Chief Equity and Partnership Officer brings experience, expertise and fresh perspective to MCEA’s environmental justice work

Eric Ini

 

7/29/2022, Sarah Horner, Communications Director, MCEA St. Paul Office

Eric Ini joined MCEA earlier this summer as our organization’s first Chief Equity and Partnership Officer. He comes to the position with over a decade of experience advocating for communities and environmental justice both in the United States and across the globe. His passion professionally and personally is “building capacity” in communities, and when he’s not at work, the father of four flexes that strength by bringing children and adults connected to the Cameroon community in Minnesota together to learn tennis. He loves to play tennis, and won the doubles trophy last year at the Cameroon Association of Minnesota’s (MinCam) annual tennis tournament. Eric sat down with our communications team recently to talk about his background, his aims for MCEA, and what he sees as the fundamental roadblocks that impede environmental justice.  

 

Tell me about your background and how it led you to this role at MCEA?

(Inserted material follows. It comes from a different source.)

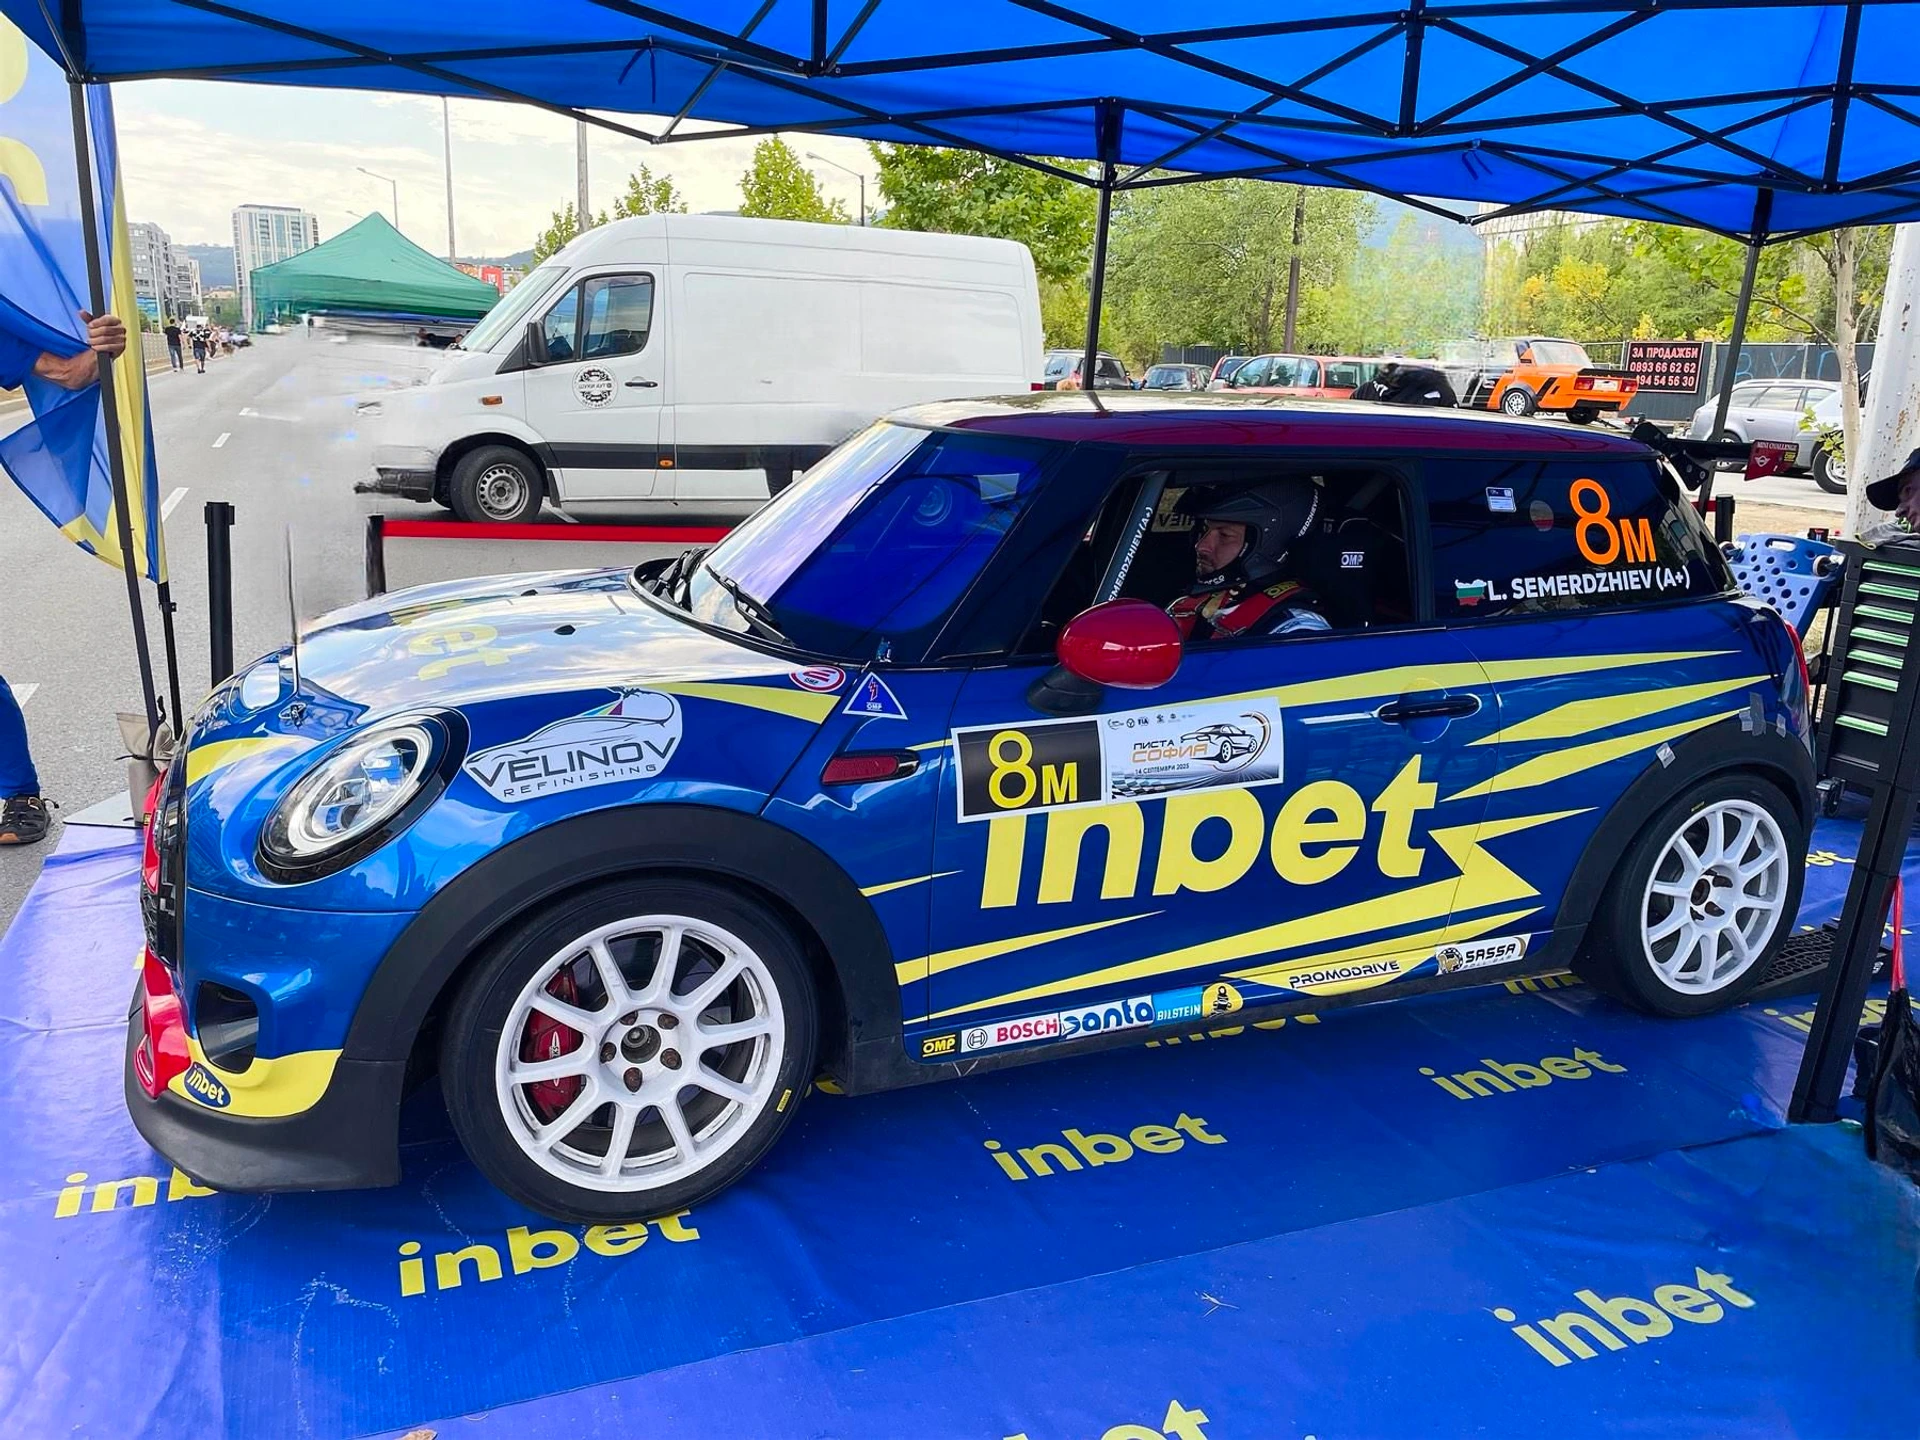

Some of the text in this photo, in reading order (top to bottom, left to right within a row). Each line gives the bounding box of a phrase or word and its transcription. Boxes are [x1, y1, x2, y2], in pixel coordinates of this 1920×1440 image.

I have always been passionate about human rights and justice. I was born in Cameroon and graduated with a law degree from my country in 2000 and then left to earn a Juris Doctorate in an American-style law school in South Korea. To earn a living, I worked as an African migrant workers coordinator for a migrants rights organization called Advocates Korea, the Korean branch of Advocates International headquartered in Virginia, USA. There were many Africans in South Korea at that time who were undocumented and worked for companies who later refused to pay them. When the workers would try and claim payment, the company would threaten to have them deported. I spent three years working to organize the African community and telling them if they encountered those kinds of issues they should contact me and I would help them get the money owed to them. We relied on a Korean law that forbid companies from hiring undocumented workers and many times the fine they would face for that was more than the money they owed their employees. We recovered a lot of money for undocumented African workers. Not all the stories were good though, there were many sad ones. 

After my time there, I moved to the United States. I attended Lewis and Clark Law School in Oregon, where I specialized in natural resources and environmental law and policy and got my LLM - Masters in Law. Sometime after that I took a job with Greenpeace and worked for about seven years protecting forests from deforestation, land-grabbing and illegal exploitation around the world, but mostly in the Congo basin, which is home to the second largest tropical rainforest in the world after the Amazon. 

 

That sounds like challenging work. Can you say more about it? What is land-grabbing? 

Land grabbing is large-scale land acquisition by private and public investors - most often multinational corporations - in total and complete disregard of community rights. The free, prior, informed consent of communities is not respected in these land deals. Most often the land is used to establish rubber or palm plantations which are later exported to be used to make tires and cosmetic products. Many of the locals farm and hunt and depend on the land for their livelihood. Most of these people are Indigenous people and use the forest as their pharmacy to harvest herbs to treat themselves and also as a sacred place to worship their ancestors. Then suddenly the land they live on is seized and sold to multinational companies without their free, prior, informed consent or any just or adequate compensation. Displacing Indigenous people and trying to relocate them is like taking a fish out of water - you are killing them.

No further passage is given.